B1.2 Identify and represent perfect squares, and determine their square roots, in various contexts.
Activity 1: Using the Concept of Area to Understand Perfect Squares
Ask students to take a grid sheet or whiteboard. Have them draw 3 squares of different sizes (limit to squares of size 12; times 12).
Example
The student must identify the dimensions of each square and their respective areas.
If necessary, the teacher reactivates prior knowledge related to the area of the square by asking them this question:
- How do you find the area of a square?
Students should be able to relate the area of a square to its formula (base x height).
Discuss with students the observations and meaning of perfect square numbers and possible notations to define the concept.
In this situation, students should notice that the areas of the squares represent perfect squares or square numbers.
Activity 2: Using the Dimensions of the Square to Introduce the Concept of Square Root
In order to make connections with the original activity, give the area of a square.
The student must then devise a strategy to find the length of one of the sides of the square.
Discuss the properties of the square of a number and introduce the square root as the inverse operation of the squared number.
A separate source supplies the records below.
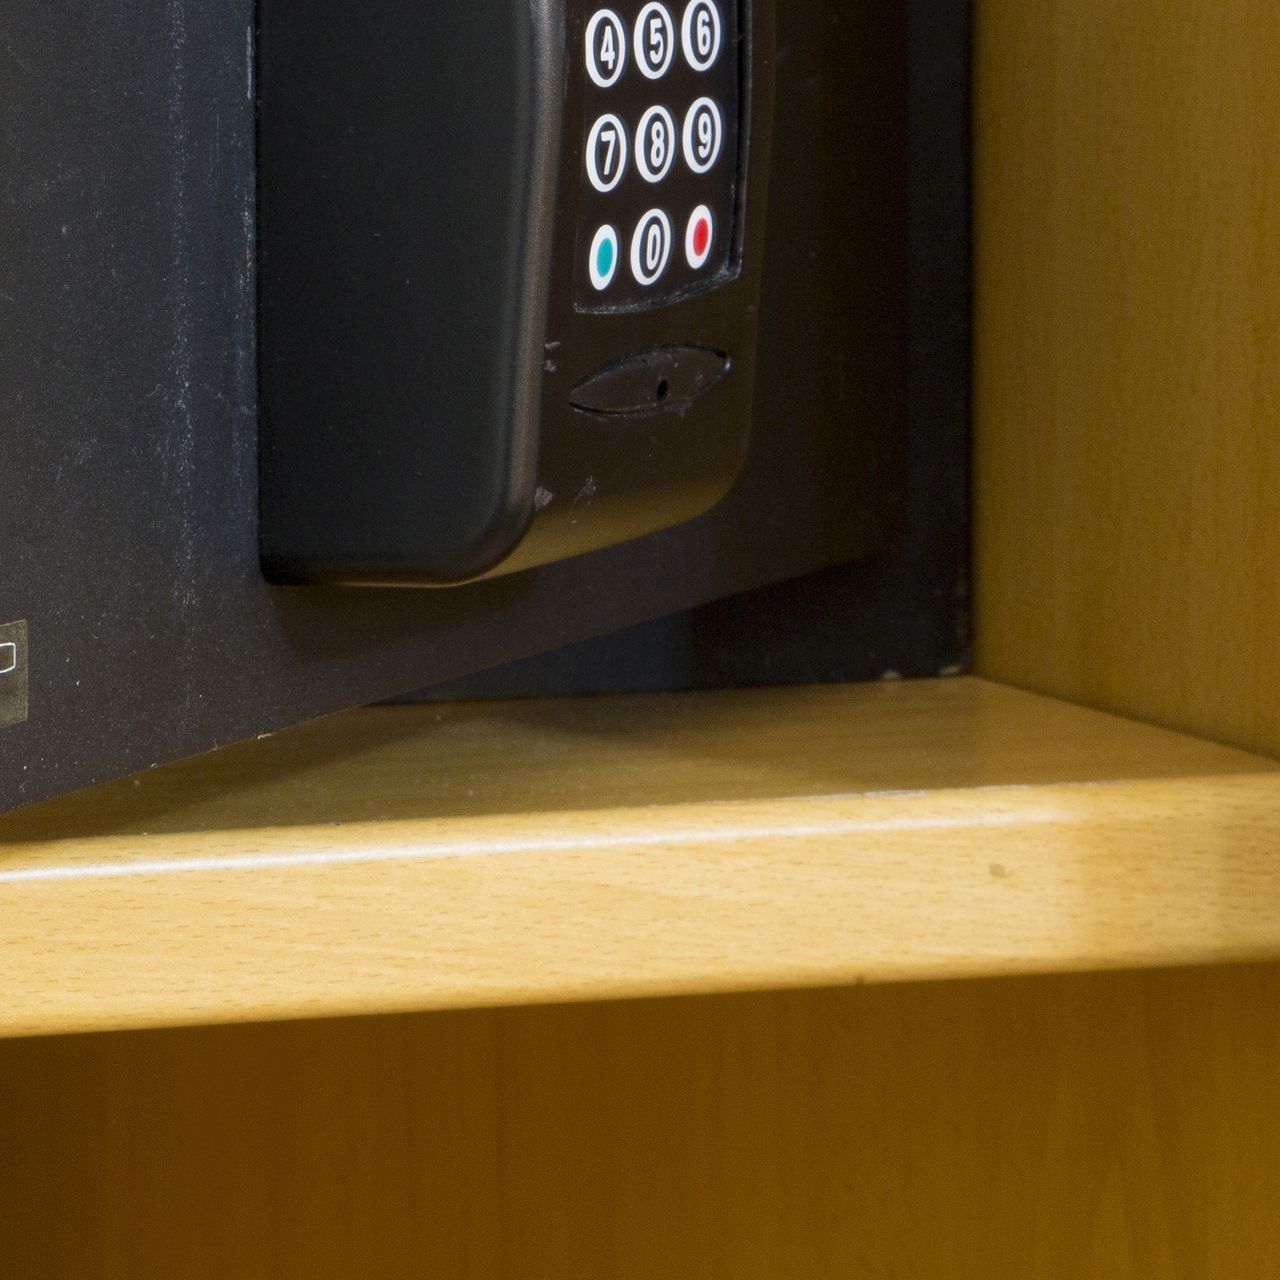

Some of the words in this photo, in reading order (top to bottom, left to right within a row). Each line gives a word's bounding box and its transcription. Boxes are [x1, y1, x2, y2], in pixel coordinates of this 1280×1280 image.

[598, 24, 617, 71] 4
[648, 16, 666, 66] 5
[695, 8, 713, 57] 6
[599, 128, 618, 177] 7
[649, 119, 667, 169] 8
[696, 111, 714, 160] 9
[644, 222, 663, 272] 0
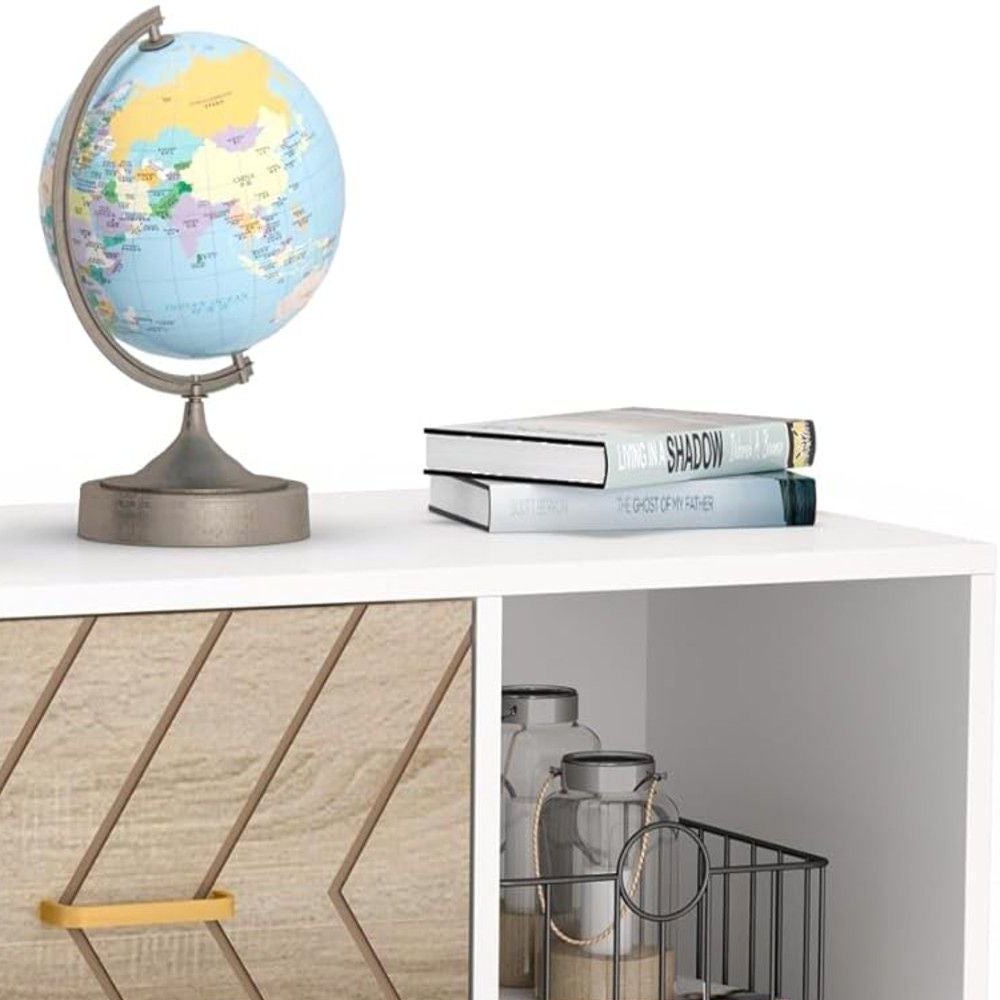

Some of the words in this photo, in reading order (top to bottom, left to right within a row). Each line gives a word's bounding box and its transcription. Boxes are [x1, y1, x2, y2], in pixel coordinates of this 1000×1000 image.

[618, 442, 647, 470] LIVING
[648, 442, 658, 468] IN
[666, 430, 724, 473] SHADOW
[617, 495, 631, 513] THE
[632, 494, 660, 513] GHOST
[660, 495, 672, 512] OF
[672, 495, 684, 511] MY
[685, 495, 714, 511] FATHER
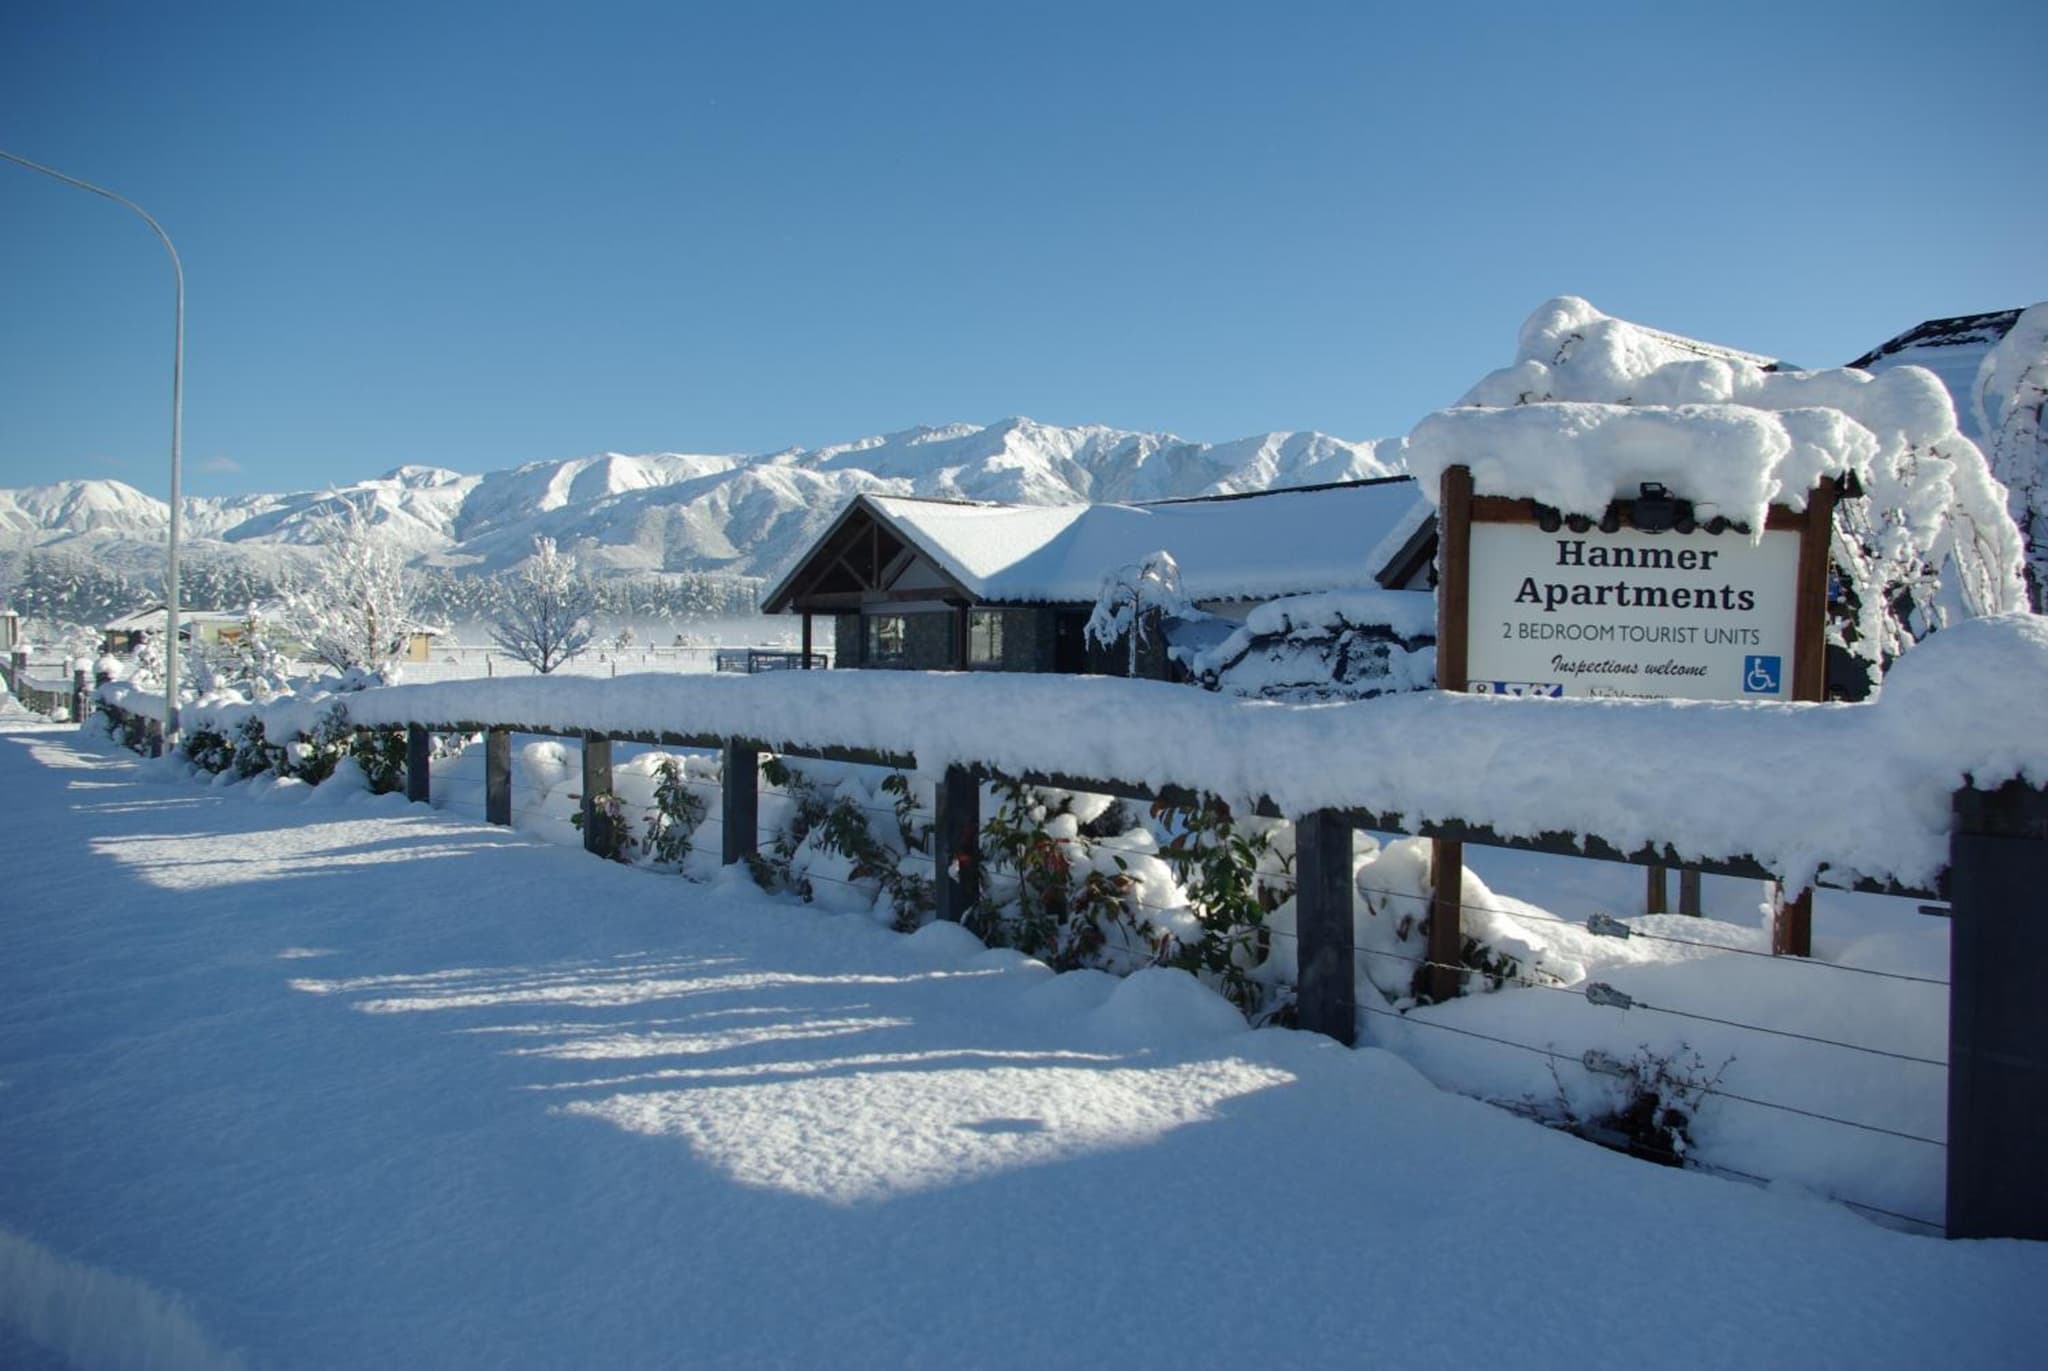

Later, introduce the symbol for the square root as well as the notation to be used.
Consolidate new learning by asking them to calculate the square root of perfect squares less than 144.
Activity 3: Find the Perfect Squares
Hand out number cards randomly to students (number on cards from 0-150). The student should be able to determine if this number is a perfect square (put emphasis on student justification).
To check for understanding, if the number is not a perfect square, ask the student which 2 perfect squares the number falls between.
Example
Number on card: 40
This number is not a perfect square, because 40 is not the product of 2 identical whole numbers. It is between the perfect squares 36 and 49.